Methods: We searched the databases of PubMed, EMBASE, and
the Cochrane Library for eligible studies reporting on the relationships between
statin use and DR, from inception to September 25, 2020. The terms searched
including Diabetes Mellitus, Type 2, Hydroxymethylglutaryl-CoA Reductase
Inhibitors, and Diabetic Retinopathy. We expressed the results as the odds
ratios (ORs) with 95% confidence intervals (CIs) which were calculated using a
random-effects model. Results: A total of 6 eligible studies,
including 43 826 patients, were included in the meta-analysis. The meta-analysis
showed that statin was not associated with elevated risk of DR [OR = 0.96 (95%
CI: 0.80-1.16), P = .68]. Similarly, no differences were found
between statin and placebo in participants ≥500 [OR = 0.98 (95% CI: 0.80-1.21)]
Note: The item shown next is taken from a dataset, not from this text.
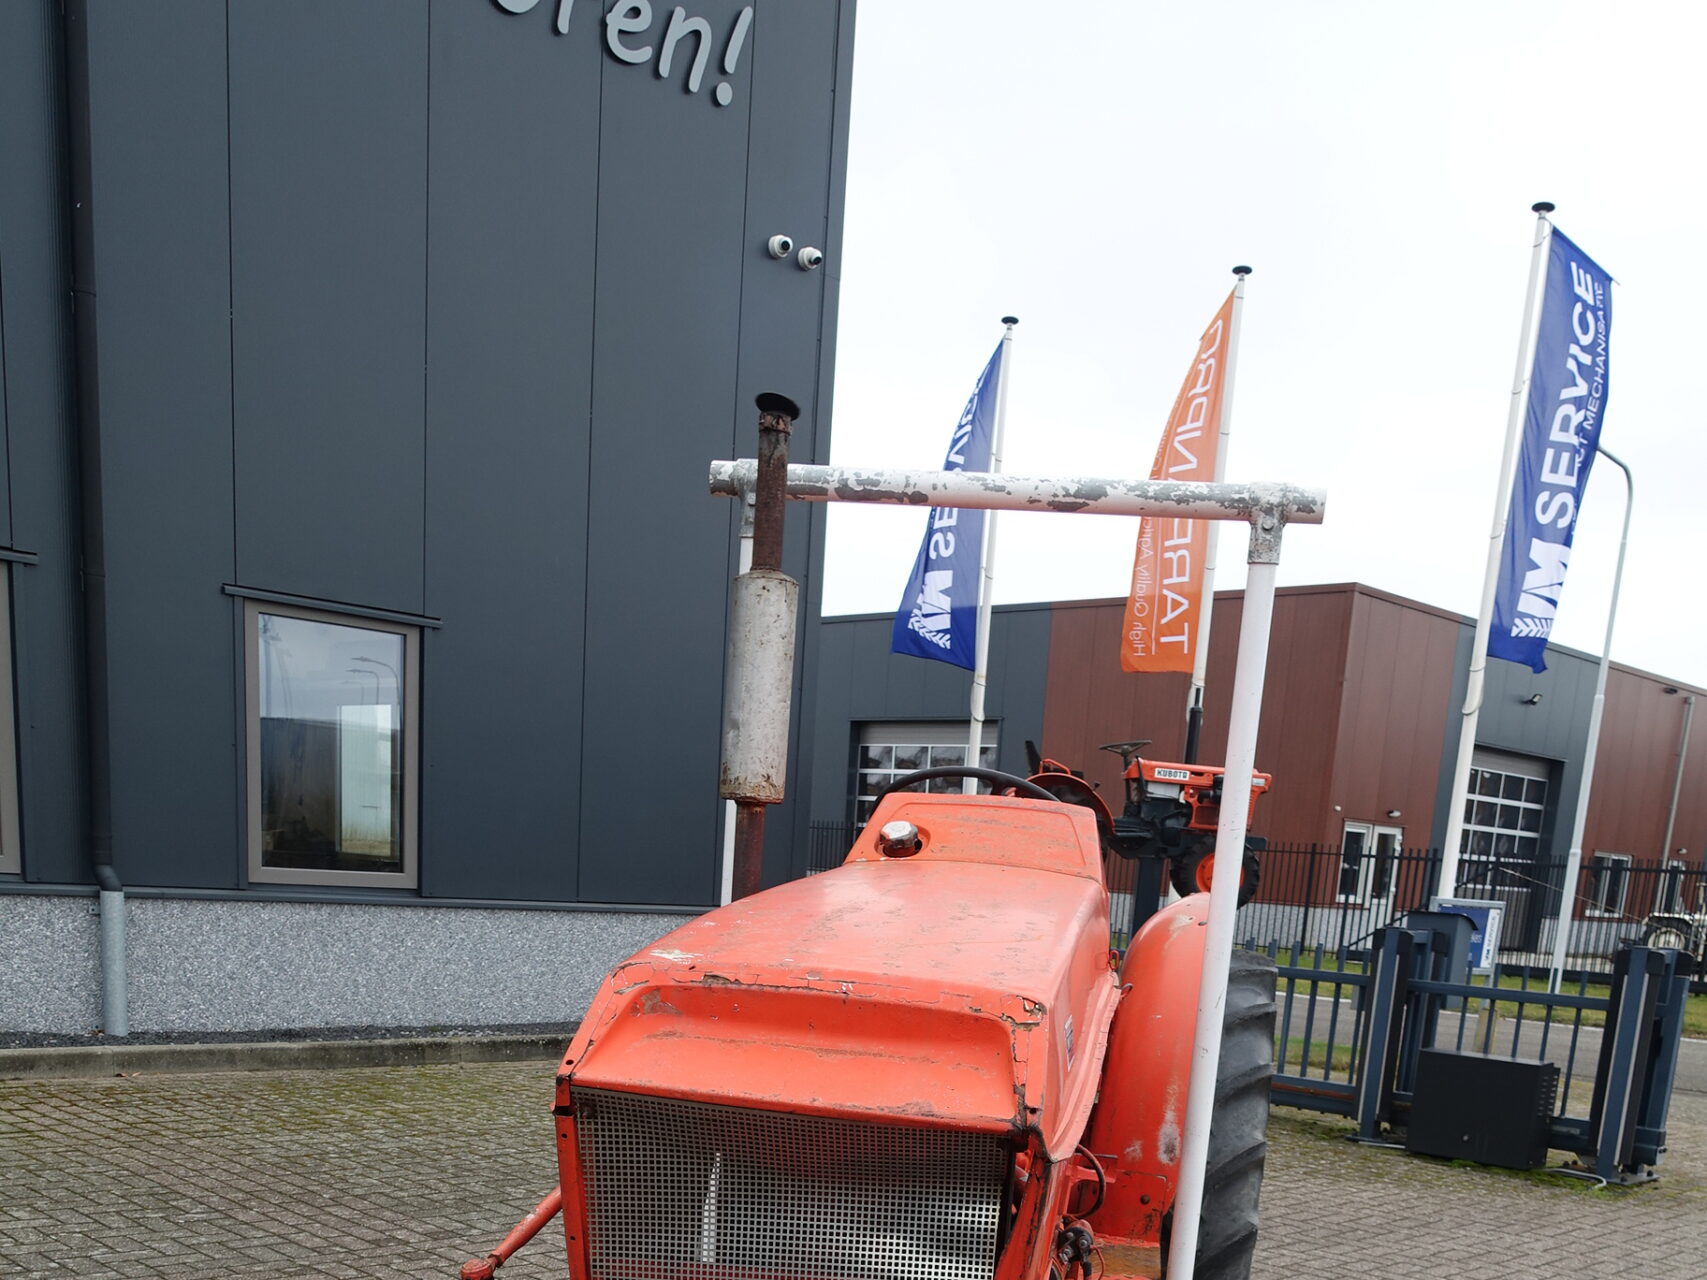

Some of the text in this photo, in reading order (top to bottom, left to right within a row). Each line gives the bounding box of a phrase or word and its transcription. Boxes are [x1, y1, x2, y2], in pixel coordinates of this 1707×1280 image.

[496, 0, 753, 106] en!
[1535, 261, 1596, 528] SERVICE
[1156, 769, 1188, 779] KUBOTA
or participants <500 [OR = 0.90 (95% CI: 0.49-1.66)]. Further, we conducted a
meta-analysis to study the effect of statin therapy on DR in people with type 2
diabetes according to age and found that statin use was associated with a
decreased risk of DR in patients with type 2 diabetes 40 years of age or older
[OR = 0.87 (95% CI: 0.82-0.92)]. Conclusion: Our meta-analysis revealed
that statin was not associated with elevated risk of DR in patients with
T2DM. Moreover, statin use was associated with a lower incidence of DR in
patients with type 2 diabetes 40 years of age or older.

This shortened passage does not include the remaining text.